The 880x cars with an even number were fitted with one lozenge-type pantograph.

==History==
The trains started service in 1984 as 2 car units. A third car was inserted between all sets starting from 1989. However, with the decline of tourism related services, the 8800 series were relegated to trans-city expresses. Originally, the fees paid by passengers who took "Panorama DX" trains were higher than those who took "Panorama Super" services; this was later changed so both services had the same fees.

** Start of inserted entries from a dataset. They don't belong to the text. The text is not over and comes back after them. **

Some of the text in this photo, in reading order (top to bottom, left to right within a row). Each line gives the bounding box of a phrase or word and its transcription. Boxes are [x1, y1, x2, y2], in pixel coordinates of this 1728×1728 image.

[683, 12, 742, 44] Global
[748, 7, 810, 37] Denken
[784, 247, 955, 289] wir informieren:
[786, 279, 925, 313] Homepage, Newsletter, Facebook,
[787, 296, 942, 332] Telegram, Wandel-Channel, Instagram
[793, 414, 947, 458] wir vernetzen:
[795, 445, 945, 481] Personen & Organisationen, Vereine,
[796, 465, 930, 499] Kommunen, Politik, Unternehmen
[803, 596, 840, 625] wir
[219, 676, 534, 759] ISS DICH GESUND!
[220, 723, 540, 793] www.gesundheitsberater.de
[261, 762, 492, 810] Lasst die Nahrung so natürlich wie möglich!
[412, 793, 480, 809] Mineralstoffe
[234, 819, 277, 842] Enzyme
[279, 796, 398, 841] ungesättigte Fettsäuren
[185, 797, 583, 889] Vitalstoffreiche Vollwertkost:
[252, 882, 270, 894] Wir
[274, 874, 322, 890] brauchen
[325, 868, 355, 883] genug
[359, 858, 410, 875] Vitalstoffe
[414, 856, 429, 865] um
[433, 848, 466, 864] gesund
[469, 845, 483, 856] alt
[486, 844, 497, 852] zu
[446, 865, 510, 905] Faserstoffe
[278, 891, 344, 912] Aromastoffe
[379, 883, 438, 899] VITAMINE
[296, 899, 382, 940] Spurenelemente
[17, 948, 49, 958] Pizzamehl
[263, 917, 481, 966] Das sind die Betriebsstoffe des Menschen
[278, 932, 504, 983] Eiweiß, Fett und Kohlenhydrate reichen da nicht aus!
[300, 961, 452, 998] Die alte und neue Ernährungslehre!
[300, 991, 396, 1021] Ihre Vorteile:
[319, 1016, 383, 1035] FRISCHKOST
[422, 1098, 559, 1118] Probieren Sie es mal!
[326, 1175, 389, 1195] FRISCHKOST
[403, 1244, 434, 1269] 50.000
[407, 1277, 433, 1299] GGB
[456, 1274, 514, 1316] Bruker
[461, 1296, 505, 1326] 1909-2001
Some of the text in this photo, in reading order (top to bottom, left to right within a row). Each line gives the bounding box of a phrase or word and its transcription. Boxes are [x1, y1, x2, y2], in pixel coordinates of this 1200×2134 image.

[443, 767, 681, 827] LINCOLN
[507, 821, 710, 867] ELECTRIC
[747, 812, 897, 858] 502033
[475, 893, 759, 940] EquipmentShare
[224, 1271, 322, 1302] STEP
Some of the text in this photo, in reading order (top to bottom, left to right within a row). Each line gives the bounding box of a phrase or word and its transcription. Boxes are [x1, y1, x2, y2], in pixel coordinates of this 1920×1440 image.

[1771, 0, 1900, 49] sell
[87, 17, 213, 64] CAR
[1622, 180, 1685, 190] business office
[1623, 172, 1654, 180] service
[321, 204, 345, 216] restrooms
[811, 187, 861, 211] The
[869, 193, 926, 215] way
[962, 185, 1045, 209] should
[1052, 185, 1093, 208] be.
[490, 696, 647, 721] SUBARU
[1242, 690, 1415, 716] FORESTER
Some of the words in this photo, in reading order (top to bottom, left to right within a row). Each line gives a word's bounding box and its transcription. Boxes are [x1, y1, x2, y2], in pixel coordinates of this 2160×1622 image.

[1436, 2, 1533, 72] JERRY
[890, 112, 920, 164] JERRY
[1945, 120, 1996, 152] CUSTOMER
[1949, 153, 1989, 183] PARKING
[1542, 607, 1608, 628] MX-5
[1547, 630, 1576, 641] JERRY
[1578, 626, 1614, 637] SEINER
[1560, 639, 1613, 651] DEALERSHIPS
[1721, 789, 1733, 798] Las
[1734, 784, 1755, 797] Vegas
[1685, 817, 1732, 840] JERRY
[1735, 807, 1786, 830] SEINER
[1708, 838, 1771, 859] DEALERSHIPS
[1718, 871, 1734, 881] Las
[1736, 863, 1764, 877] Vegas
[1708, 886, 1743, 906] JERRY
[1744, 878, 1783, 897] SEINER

As the 8800 series only had a top speed of 110 km/h, compared to the top speed of 120 km/h on "Panorama Super" trains, the 8800 series were slowly taken out of service, with all being withdrawn by late January 2005, and scrapped by March the same year.

The 8800 series was the recipient of the 28th Blue Ribbon Award held in 1985.

==Preserved examples==
The front half of the cab section of unit 8803 has been preserved at the Maigi inspection yard.